От неожиданности, с какой Инна встрепенулась, мое сердце оборвалось. То оно летело плавно, как на парашюте, замирая от высоты и радуясь приближению земли, и вдруг, как будто лопнули стропы, — обрыв.

— Теперь слышу, — сказала Инна.

— Я — нет.

— Глухмень.

— Марат не пойдет искать. Володька Бубнов.

— Марат, Володька почивает.

— Марат гордый.

— Мальчишка, что ты знаешь о людях?

Как бы в подтверждение Инкиных слов, ты, Марат, подал голос:

— Савина, ау!

Шурхала трава, с колким треском сминалась полынь, хлестались ветви, щелкая и шаркая.

Я был оскорблен до отчаяния. Ты, гордец, унизился до поиска. Ты ломился в мир нашей нежности.

Мы взбежали к маковкам холма. Не переведя дыхания, бросились целоваться. Ты опять возник неподалеку. Мы снова удирать. Хохотали на бегу. Перевалили маковки и оказались на западном склоне холма, откуда распахнулся перед нами электрическим Млечным Путем великий металлургический комбинат. Правда, не светло-туманная звездность открылась в длинной, от горы до горы, низине — оранжевая, васильковая, красная, зеленая. Нельзя было не околдоваться этой красотой. А над нею, поверх купола газгольдера, набранный из алых лампочек, просвечивал сквозь тягучую облачность точечный силуэт Ленина. Световое пространство над электрической зернью было низкое, слоящееся, клубливое. Сернистая желтина, которая образовывала нижний слой, провисала, пучилась, лопалась, словно бы под давлением верхних пластов: свинцеватого, коричневого, аспидно-синего.

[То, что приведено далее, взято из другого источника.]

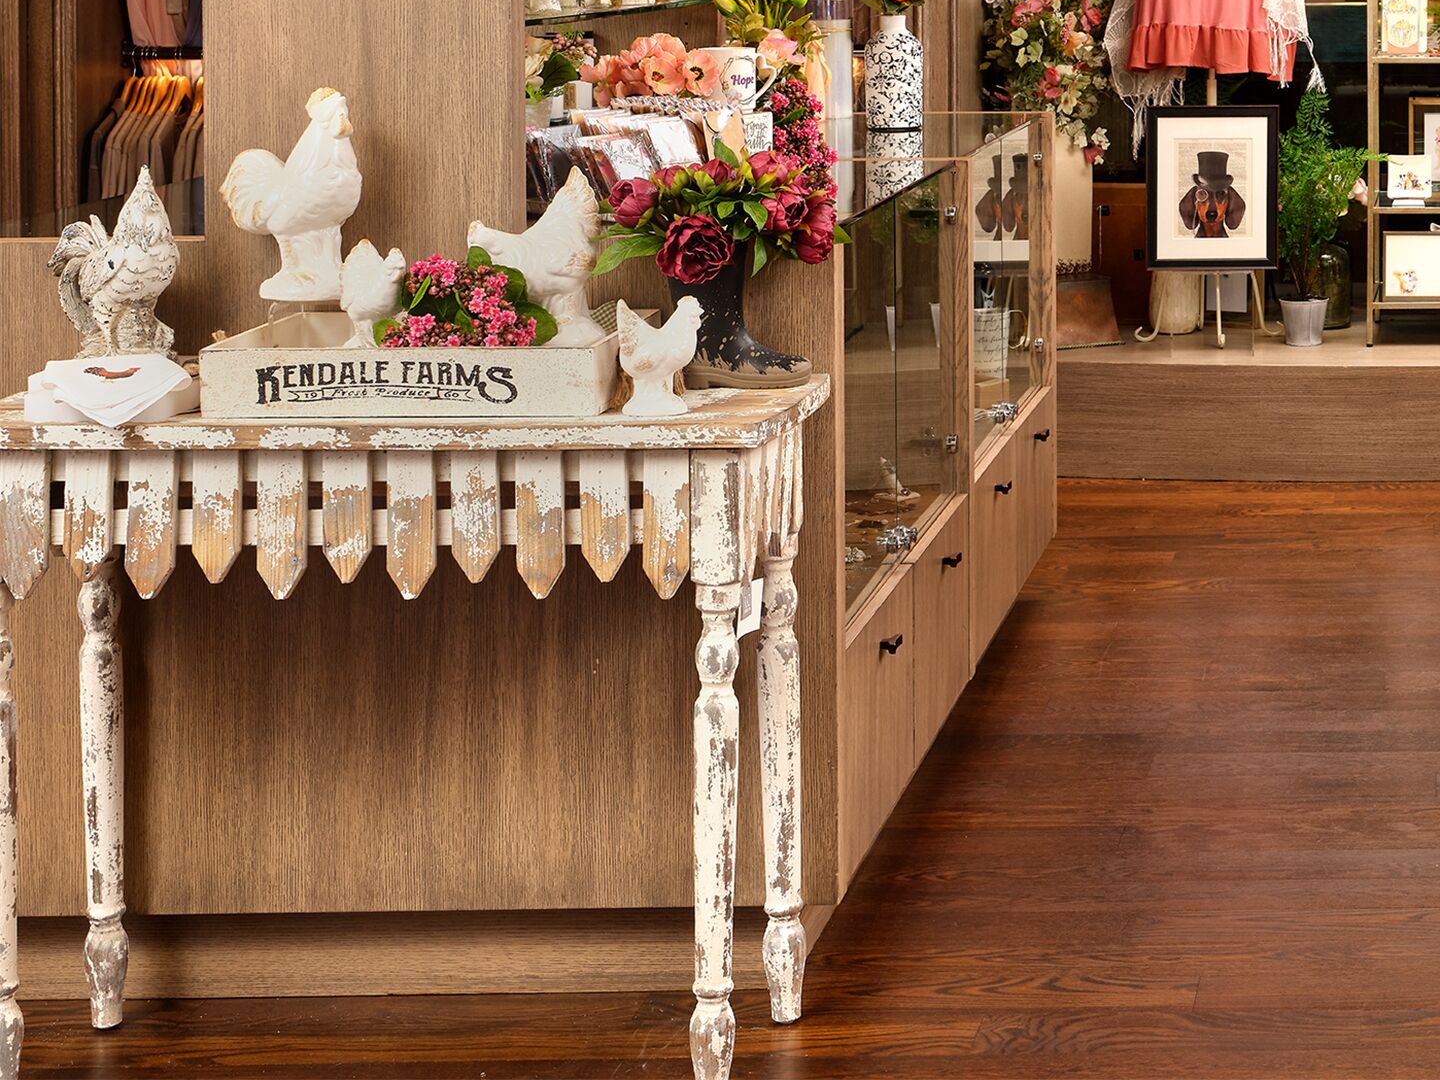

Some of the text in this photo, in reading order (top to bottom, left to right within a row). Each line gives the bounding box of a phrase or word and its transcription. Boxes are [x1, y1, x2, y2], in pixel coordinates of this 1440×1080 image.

[731, 74, 754, 89] Hope
[256, 360, 518, 404] KENDALE FARMS
[331, 388, 368, 397] Fresh
[375, 387, 431, 397] Produce

Дальше вздымалась сажевая чернота. В нее, смахивая и слизывая звезды, выплескивались, выдувались, выпрыгивали из мартеновских труб арктически разноцветные сполохи.

— Цыц! Тихо.

Я догадался: Инна забыла о Марате, а сказала так потому, чтобы я не мешал разглядывать завод.

— Я видела с неба Ленинград и Москву. Тоже ночью. До войны оставалось недели полторы. Мы возвращались с отцом из Крыма. До Москвы — поездом. В Москве он встретил друга по гражданской войне. Друг носил два ромба. Лиловые такие. Сейчас они равнозначны генерал-лейтенанту авиации. Он летел в Ленинград и взял нас с собой.

— Разбиться не боялась?

— Без риска век не испытаешь счастья.

— Серьезно?

— А ты думал?

— Умница!

— Ну уж, ну уж!

— Ночью ваш город красивей Ленинграда и Москвы.

— Торжествую! Впервые обнаружилось: у Ленинграда не во всем преимущество перед другими городами.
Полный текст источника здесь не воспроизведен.